With no room for error — none — in the U.S. Senate and the filibuster an artifact of the Jim Crow era as stubborn as Sens. Manchin and Sinema, the Democrats’ majority there is more theoretical than practical. It has helped President Joe Biden “substantively, but not politically,” notes The Atlantic‘s Russell Berman. Meaning Democrats control the Senate but cannot pass much through it. It means Biden’s ambitious economic package goes nowhere. It means his effort to pass voting rights legislation died Wednesday. Not that Democrats had any other choice than to take the loss. Their base had to see them fail trying.
Biden and alllies in the Senate hold a weak hand.
Biden might have had the nerve to stand for a nearly two-hour press conference Wednesday, but he lacks the verve to sell his accomplishments forcefully enough to make them stand out to a polling-obsessed press corps.
E.J. Dionne cites a short list:
With 6.2 million jobs created on his watch, the unemployment rate is at 3.9 percent, far lower than anyone anticipated when he took office. Gross domestic product is up and workers have more bargaining power than they’ve enjoyed in decades.
Nearly 210 million Americans are fully vaccinated, as Biden noted, through more than a half-billion shots. With very narrow congressional majorities, Biden secured his $1.9 trillion economic relief package and a $1.2 trillion infrastructure bill.
It’s a good record. The problem is that much of this occurred in the first part of Biden’s opening year. His approval ratings then, a healthy 50 percent or better,, reflected this.
But a Covid-weary public is in “what have you done for me lately” mode. Hence, Biden’s polling numbers in the 40s. Free Covid tests and N95 masks are little relief either from pandemic deaths pushing 900,000 or from gas fill-ups topping $50.
Virus and inflation, virus and inflation need to be Biden’s focus, Dionne suggests. He needs to be caught fighting both. Weekly.
“Going forward,” Dionne writes, “he needs to settle on a strategy that reaches toward as much normality as is consistent with the virus threat, and he needs to put an end to confusing messaging from various parts of the government. Neither will be easy.”
That was clear from reporters’ questions and Biden’s answers at Wednesday’s press conference.
And on the biggest struggle of this generation, the battle for voting rights and democracy, Trumpified Republicans are plainly committed to giving the states they run free rein to suppress votes and subvert elections.
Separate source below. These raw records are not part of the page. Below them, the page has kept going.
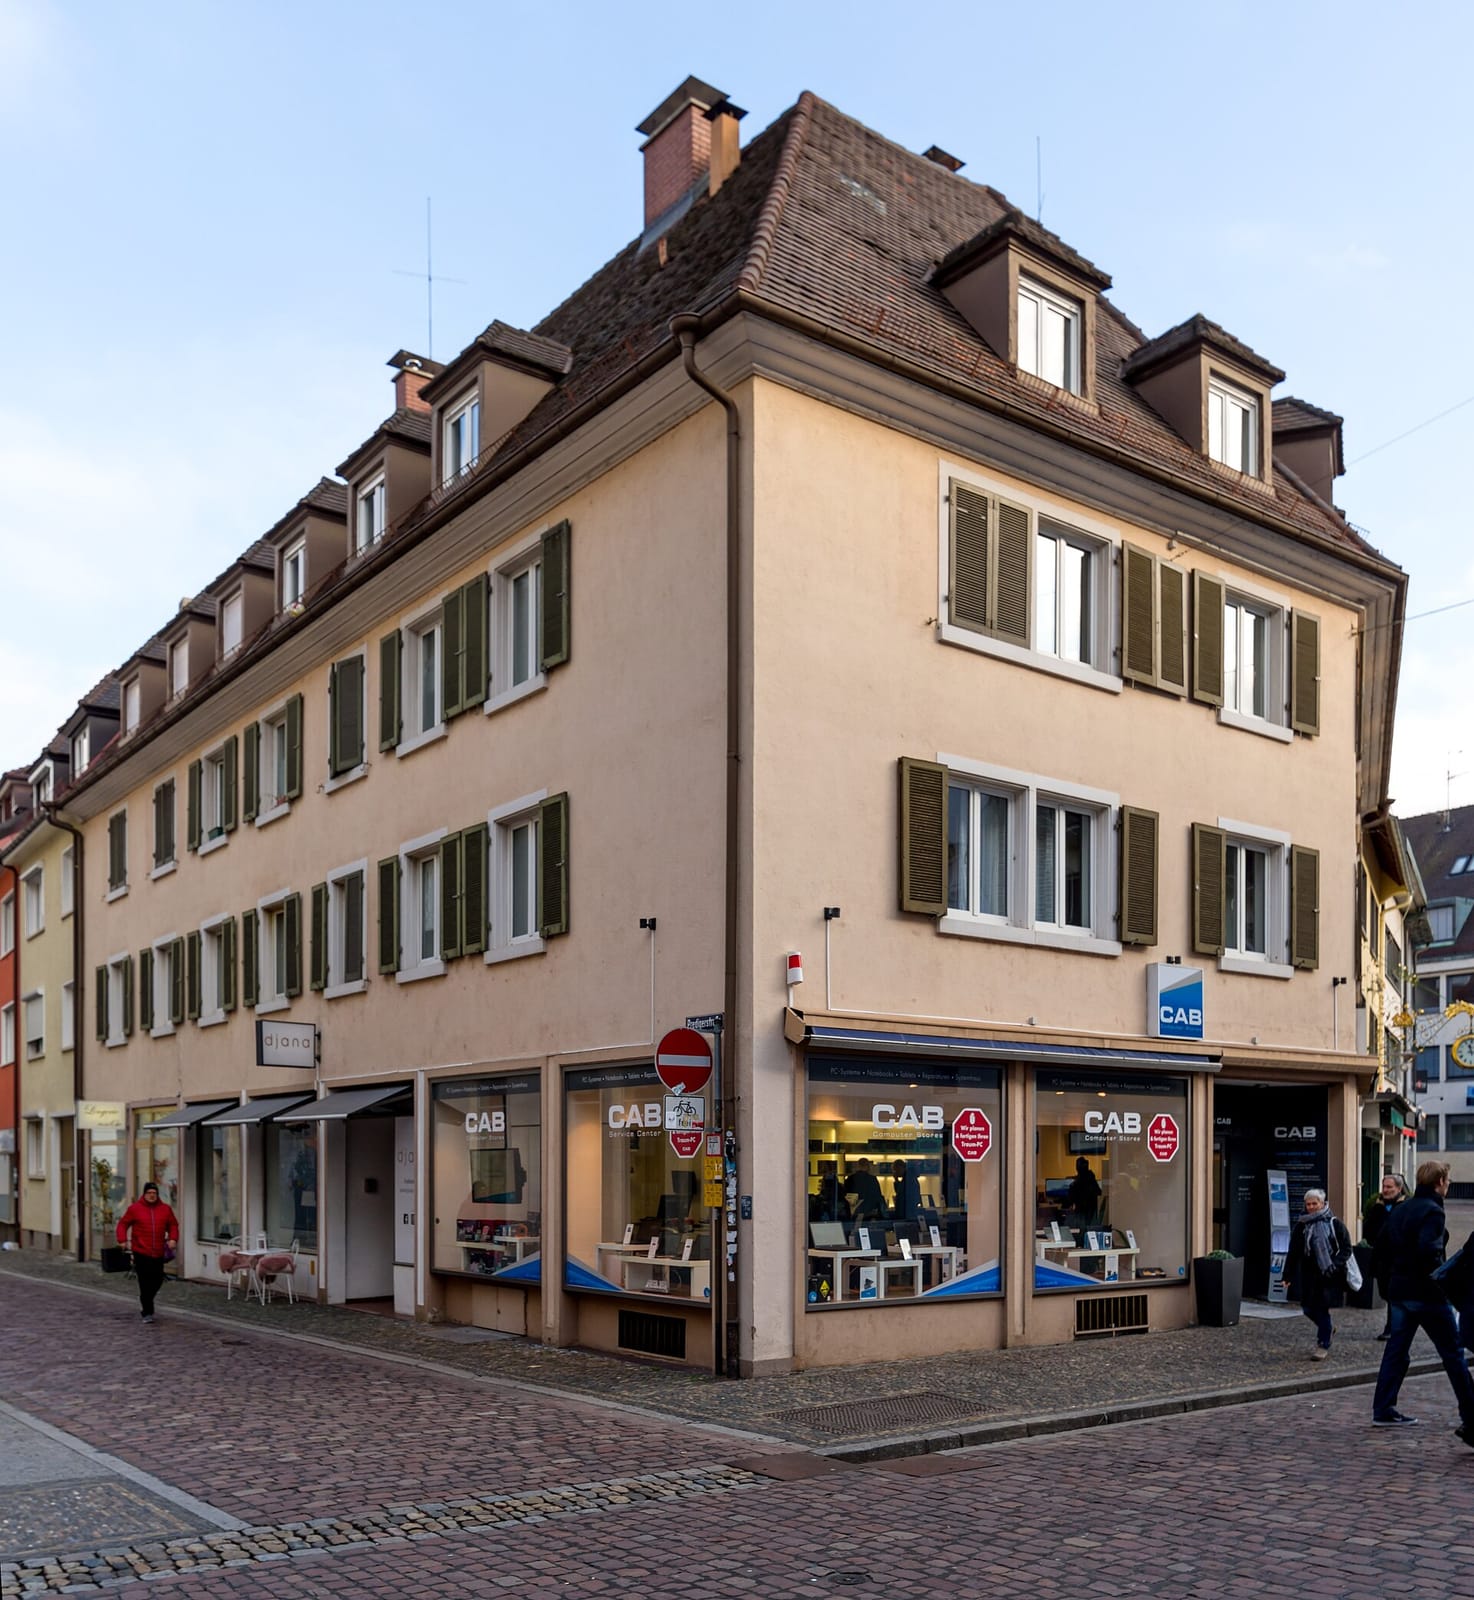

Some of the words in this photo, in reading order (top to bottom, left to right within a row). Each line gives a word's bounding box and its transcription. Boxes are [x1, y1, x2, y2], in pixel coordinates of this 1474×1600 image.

[1160, 1005, 1202, 1026] CAB
[264, 1033, 310, 1050] djana
[465, 1111, 505, 1133] CAB
[608, 1103, 662, 1128] CAB
[872, 1104, 944, 1130] CAB
[1084, 1110, 1141, 1134] CAB
[1216, 1117, 1232, 1125] CAB
[609, 1131, 634, 1139] Service
[637, 1130, 662, 1138] Center
[873, 1131, 913, 1139] Computer
[1274, 1126, 1317, 1138] CAB
Democrats need to enact whatever they can of the Build Back Better legislation and then move on to passing pieces of what’s left individually, if only to force the question Biden asked of Republicans at his news conference: “What are they for?” And whatever happens the next few days on voting rights, they cannot walk away from the struggle — in Washington or in the states.
That repeated attack was perhaps Biden’s best messaging of the day.
“What are Republicans for? What are they for? Name me one thing they’re for?”
Not for helping meet people’s material needs. Not for taming the climate that has coasts flooding and tornadoes ripping up communities. Not for defending the Constitution they swore oaths to defend.
The one thing Trump-licking Republicans have demonstrated they are for is preserving their own power by any means necessary, including by jetisoning the very principles of government of the people, by the people, for the people upon which the nation is founded. Including by subverting elections and promoting hatred of Black and brown citizens.
Biden needs to stick with that message while doing a better job of conveying that he’s doing a better job. Democrats are for governing. Republicans are for themselves.